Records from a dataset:
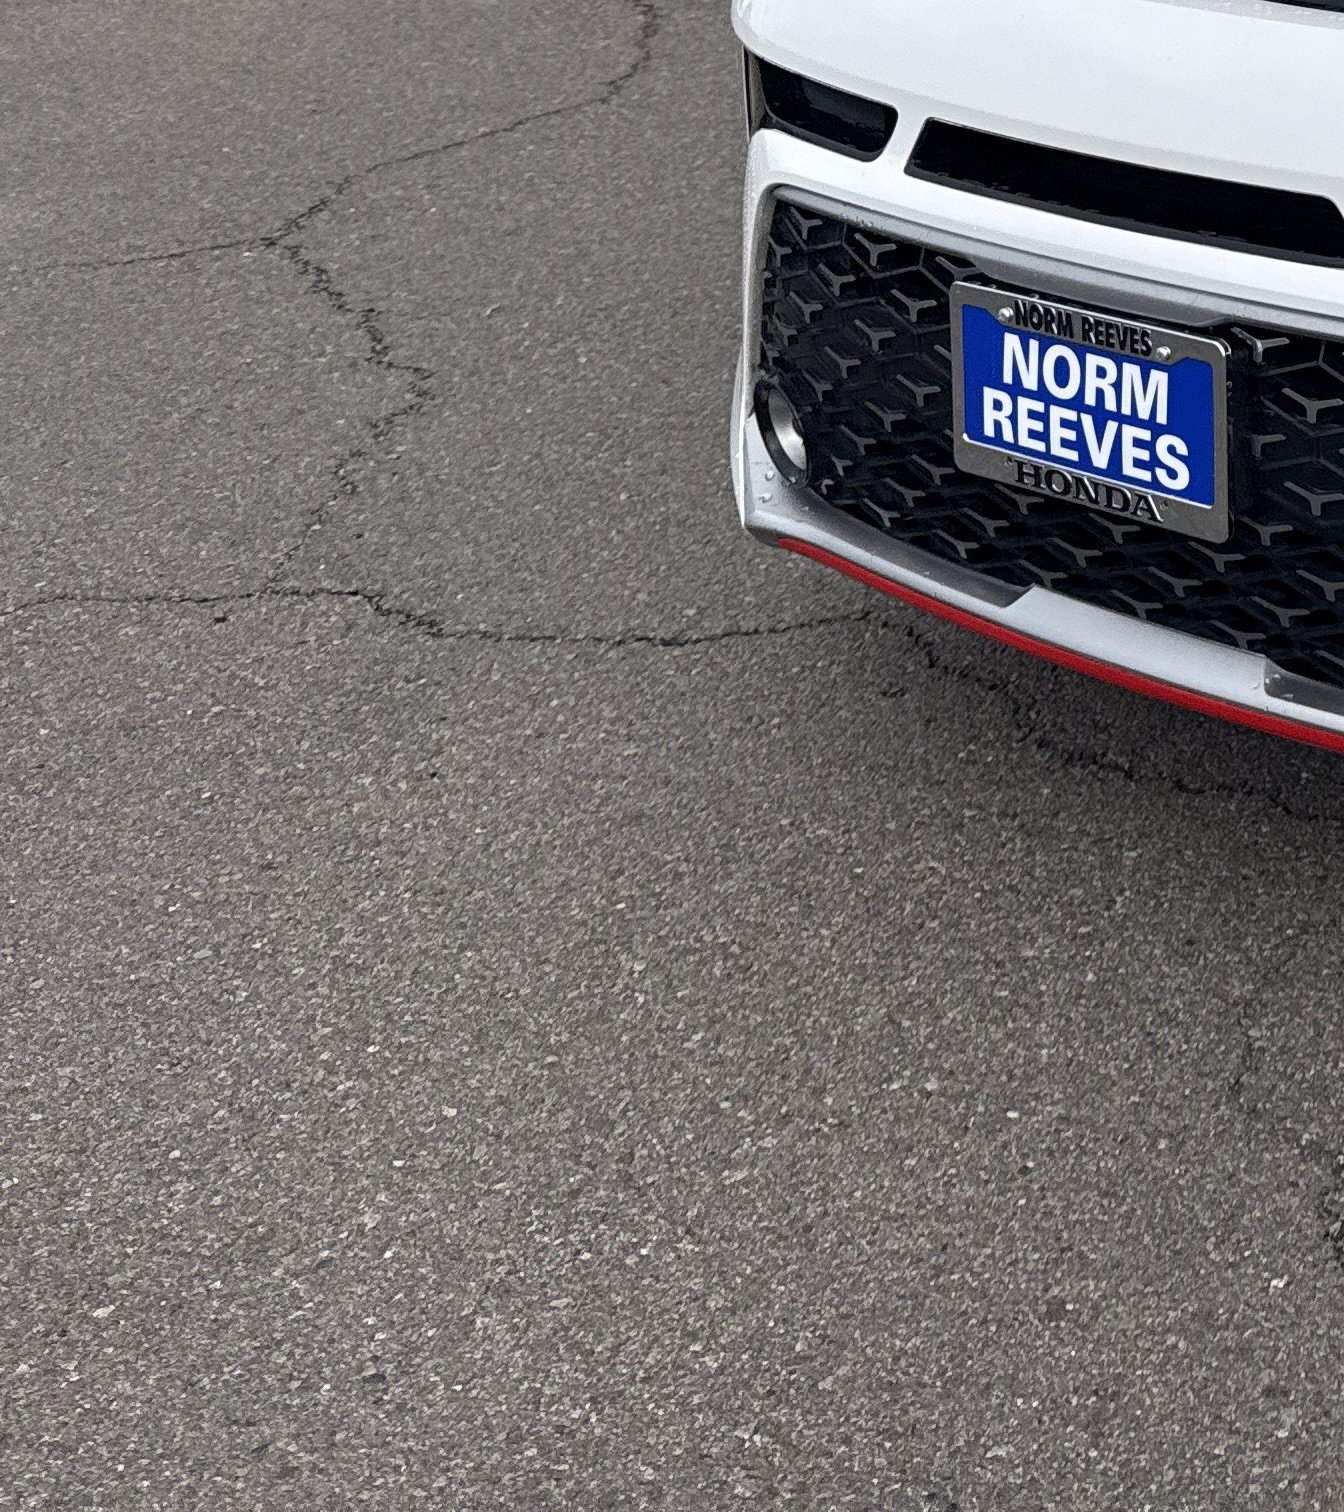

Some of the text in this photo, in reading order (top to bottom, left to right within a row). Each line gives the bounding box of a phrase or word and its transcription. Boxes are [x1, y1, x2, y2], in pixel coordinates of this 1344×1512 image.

[1014, 299, 1153, 357] NORM REEVES
[1002, 332, 1168, 425] NORM
[983, 386, 1190, 491] REEVES
[1014, 457, 1164, 522] HONDA
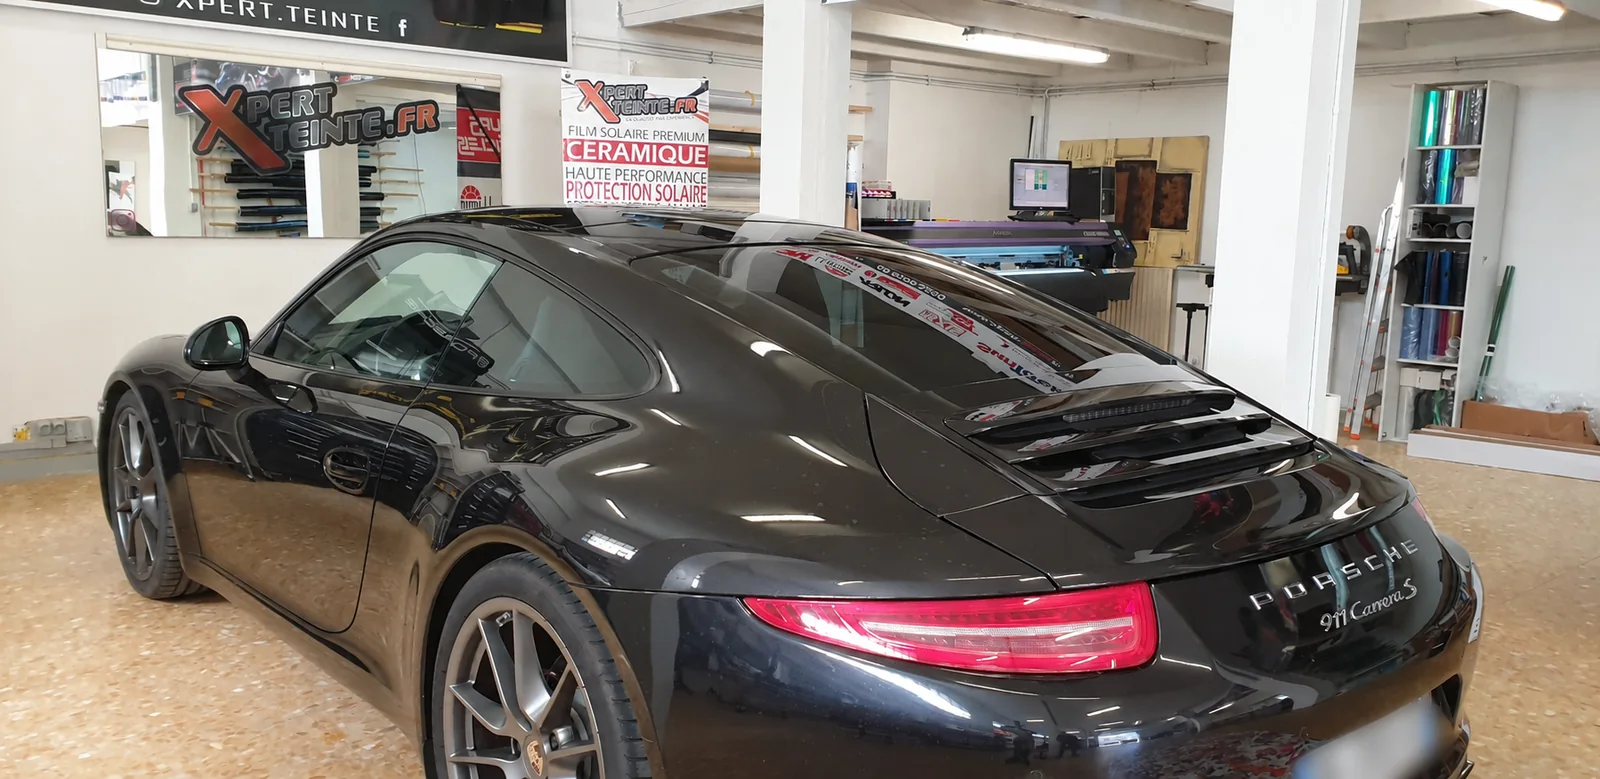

**Work instructions:** Only the text of the records belongs in your answer, copied exactly as it appears above.

**Reply to the task:**
Some of the text in this photo, in reading order (top to bottom, left to right within a row). Each line gives the bounding box of a phrase or word and its transcription. Boxes are [x1, y1, x2, y2], in pixel coordinates of this 1344×1512 image.

[1014, 299, 1153, 357] NORM REEVES
[1002, 332, 1168, 425] NORM
[983, 386, 1190, 491] REEVES
[1014, 457, 1164, 522] HONDA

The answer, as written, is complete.